Arrivé devant la porte du garçon, il frappa trois fois, avant que le maître des lieux ne l’invite à entrer. Ce dernier était installé sur son siège, une mine renfrognée peinte sur son visage. Étant donné qu’il était en deuil, l’adolescent ne portait que des habits noirs, de ses chaussures jusqu’à la cravate nouée autour de son cou. Ses vêtements sombres contrastaient avec sa peau laiteuse et ses cheveux blond platine. À côté de lui, des piles de papiers et de livres s’étalaient.

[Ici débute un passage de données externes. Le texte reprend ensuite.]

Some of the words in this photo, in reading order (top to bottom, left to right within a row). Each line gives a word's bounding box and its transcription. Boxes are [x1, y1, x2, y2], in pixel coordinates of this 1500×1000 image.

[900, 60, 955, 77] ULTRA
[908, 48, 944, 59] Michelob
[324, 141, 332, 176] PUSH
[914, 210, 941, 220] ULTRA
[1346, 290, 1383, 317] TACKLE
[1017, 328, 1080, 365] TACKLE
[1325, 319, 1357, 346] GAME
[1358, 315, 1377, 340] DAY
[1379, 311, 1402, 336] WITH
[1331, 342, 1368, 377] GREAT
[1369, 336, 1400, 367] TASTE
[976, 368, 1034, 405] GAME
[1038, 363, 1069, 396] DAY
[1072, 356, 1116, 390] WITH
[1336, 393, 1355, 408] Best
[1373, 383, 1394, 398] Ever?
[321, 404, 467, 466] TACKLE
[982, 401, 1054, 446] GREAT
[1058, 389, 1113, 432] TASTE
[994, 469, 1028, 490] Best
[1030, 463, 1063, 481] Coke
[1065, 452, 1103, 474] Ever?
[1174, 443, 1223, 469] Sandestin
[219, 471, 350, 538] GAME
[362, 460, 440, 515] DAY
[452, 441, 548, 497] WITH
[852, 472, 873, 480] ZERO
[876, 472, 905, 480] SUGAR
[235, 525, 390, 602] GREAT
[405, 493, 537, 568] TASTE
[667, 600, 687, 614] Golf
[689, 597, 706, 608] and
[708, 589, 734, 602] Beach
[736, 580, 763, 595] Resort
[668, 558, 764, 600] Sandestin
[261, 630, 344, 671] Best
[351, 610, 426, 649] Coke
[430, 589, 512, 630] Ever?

— Que puis-je faire pour vous, my Lord ? demanda le démon en refermant la porte derrière lui, sentant qu’il allait peut-être bien rester plus longtemps qu’il ne l’avait prévu.

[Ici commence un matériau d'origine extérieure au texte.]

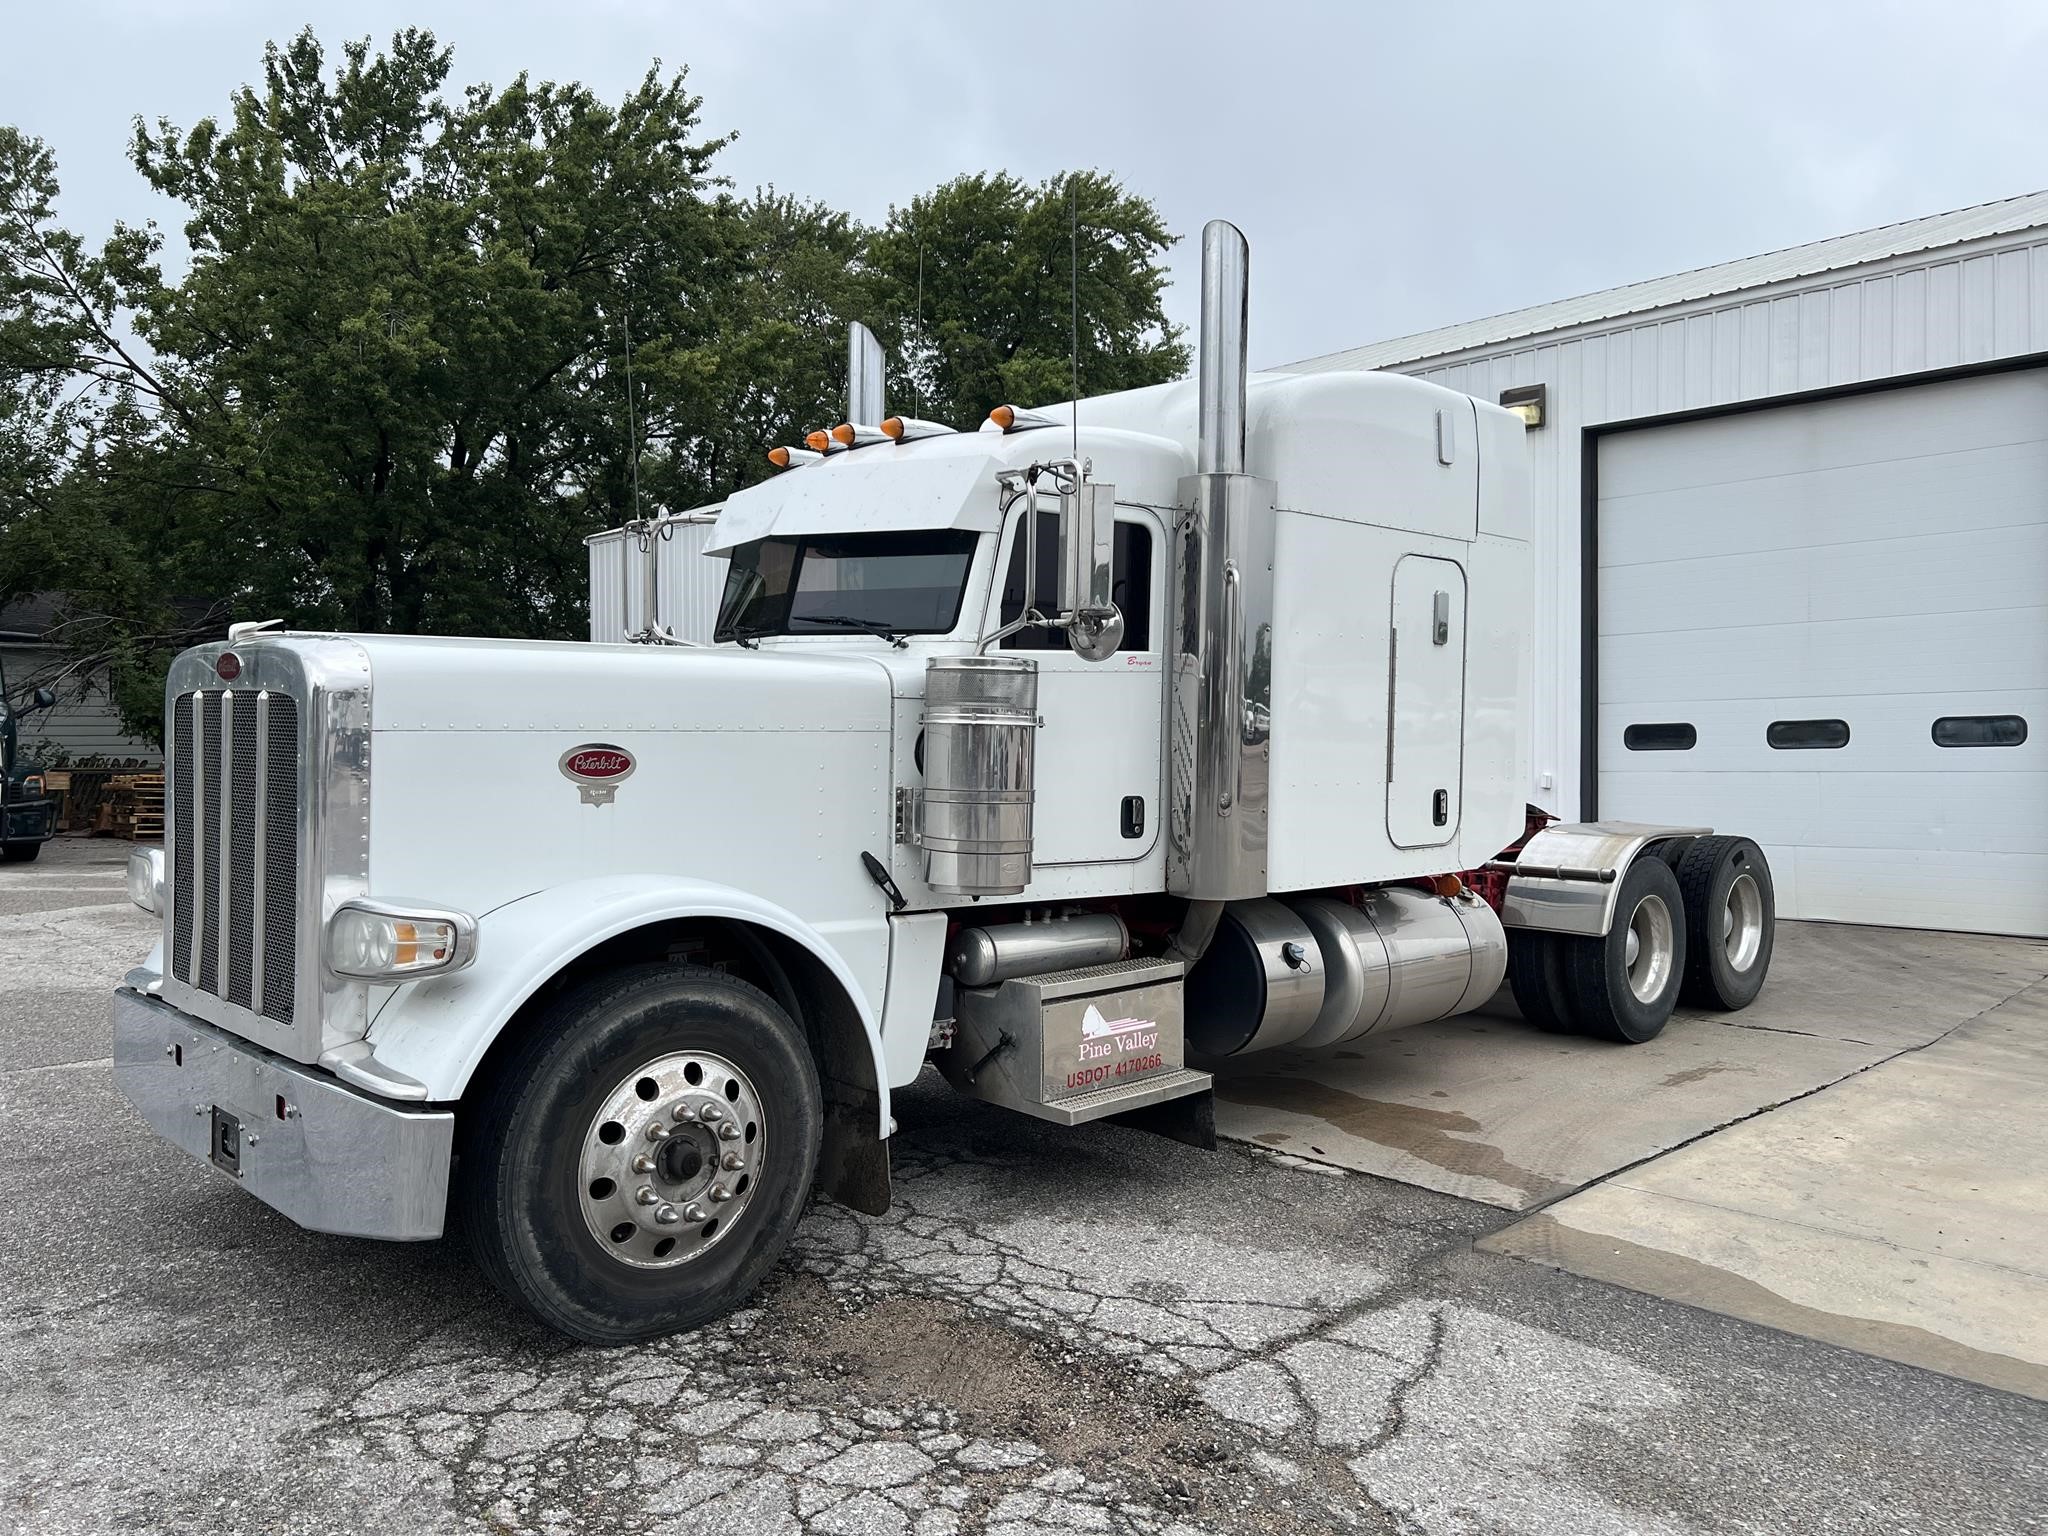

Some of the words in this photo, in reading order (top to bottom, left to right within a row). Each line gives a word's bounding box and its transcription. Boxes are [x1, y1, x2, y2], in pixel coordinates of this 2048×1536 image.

[574, 754, 626, 771] Peterbilt
[1078, 1042, 1112, 1062] Pine
[1114, 1031, 1159, 1053] Valley
[1067, 1064, 1112, 1089] USDOT
[1115, 1053, 1162, 1076] 4170266

— Tu en as mis, du temps ! fit remarquer l’enfant d’un ton réprobateur en appuyant sa tête sur sa main, soupirant d’agacement. Qu’est-ce que tu fabriquais ?
— Veuillez m’en excuser, monsieur, répondit Severian en esquissant un mince sourire amusé, nullement touché par cette accusation. Nous faisions l’inventaire de ce qu’il reste dans la cave. Je ne suis pas encore habitué à mon nouveau poste, ce qui ralentit ma productivité.
— Pitoyable, commenta Hyperion, laissant tout de même un rictus taquin et complice étirer ses lèvres. Néanmoins, je ne suis pas bien placé pour dire cela. Je ne comprends rien du tout à tous ces papiers, est-ce que tu peux m’aider ?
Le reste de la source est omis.